■ Work task
The entries need to be copied exactly as they stand, images left out.

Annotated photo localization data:
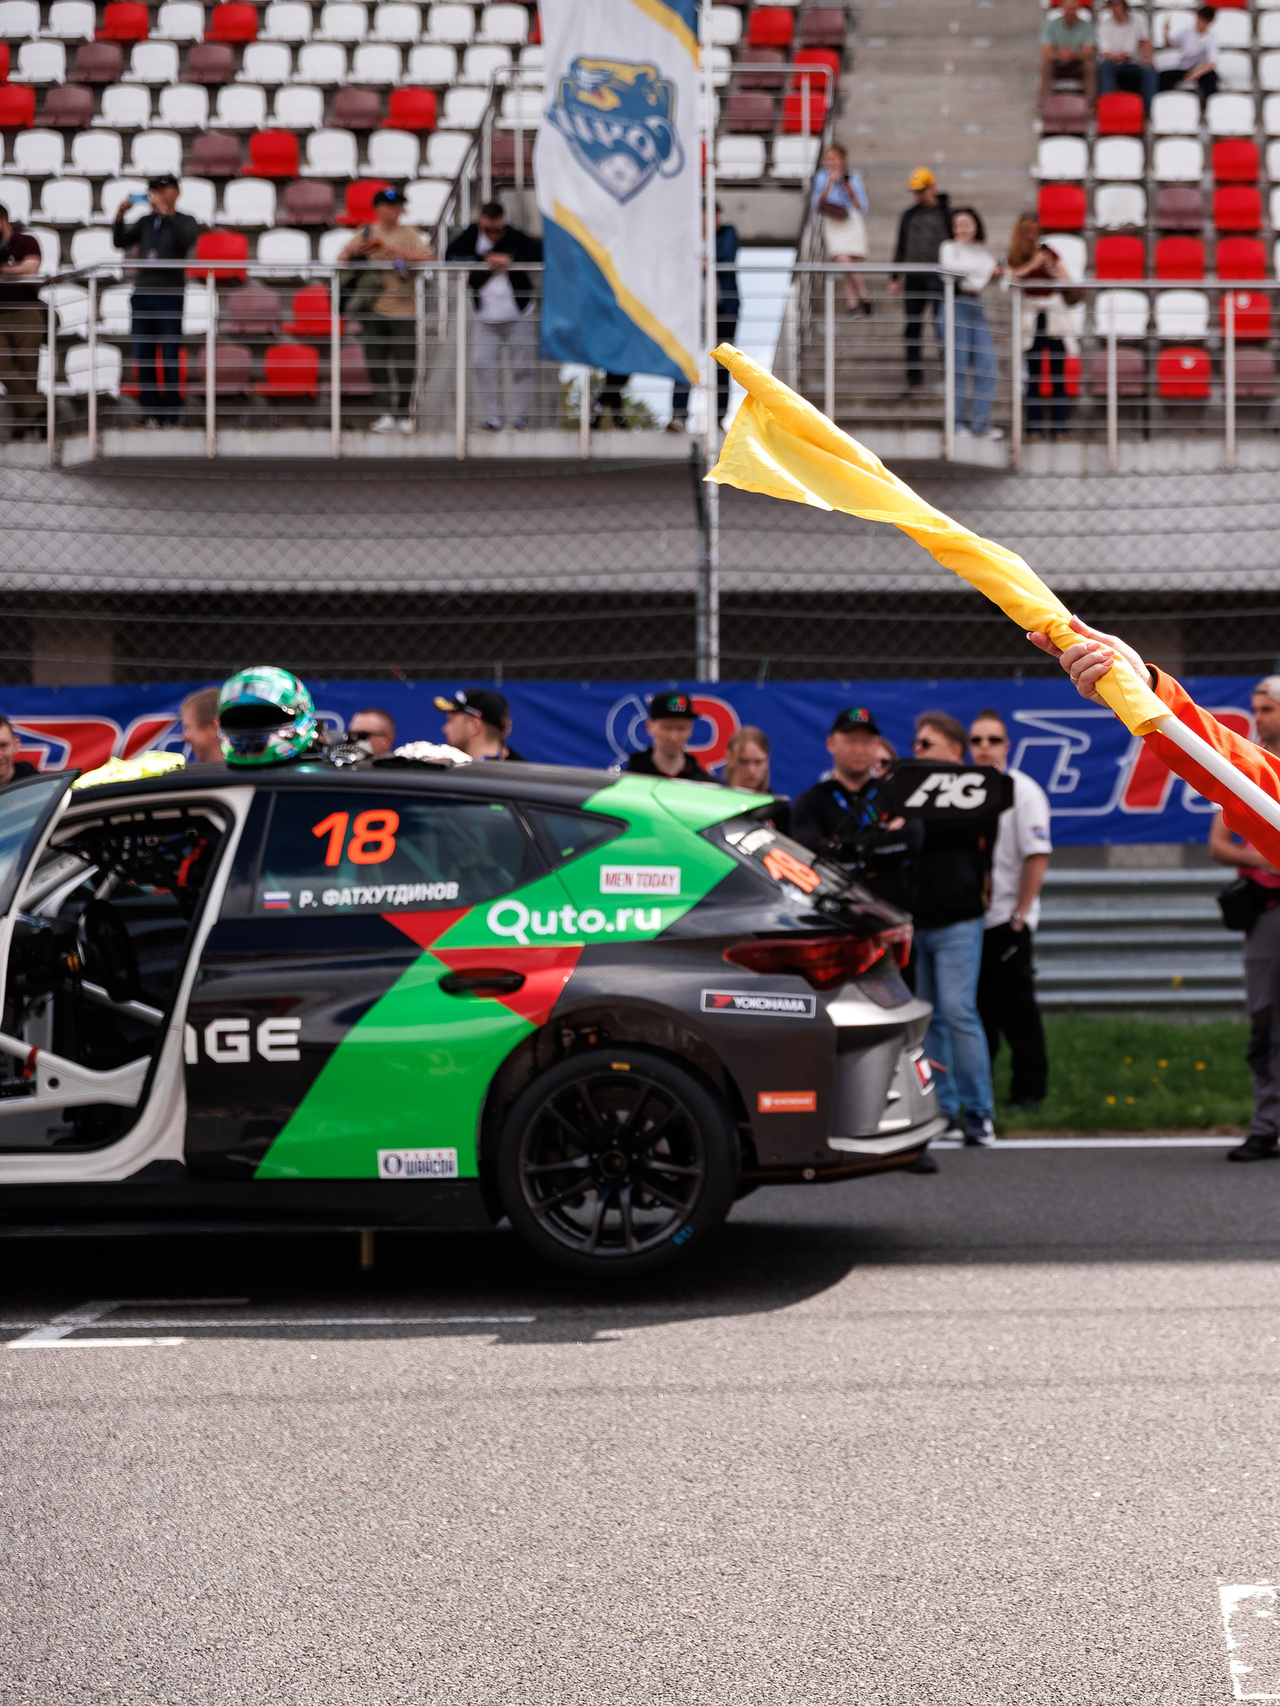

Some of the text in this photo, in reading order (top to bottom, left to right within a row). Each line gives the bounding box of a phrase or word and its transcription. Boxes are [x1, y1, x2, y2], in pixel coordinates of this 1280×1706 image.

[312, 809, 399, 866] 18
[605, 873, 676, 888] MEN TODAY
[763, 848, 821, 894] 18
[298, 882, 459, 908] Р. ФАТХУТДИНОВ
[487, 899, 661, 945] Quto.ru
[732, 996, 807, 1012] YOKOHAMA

■ Answer to this exercise
Some of the text in this photo, in reading order (top to bottom, left to right within a row). Each line gives the bounding box of a phrase or word and its transcription. Boxes are [x1, y1, x2, y2], in pixel coordinates of this 1280×1706 image.

[312, 809, 399, 866] 18
[605, 873, 676, 888] MEN TODAY
[763, 848, 821, 894] 18
[298, 882, 459, 908] Р. ФАТХУТДИНОВ
[487, 899, 661, 945] Quto.ru
[732, 996, 807, 1012] YOKOHAMA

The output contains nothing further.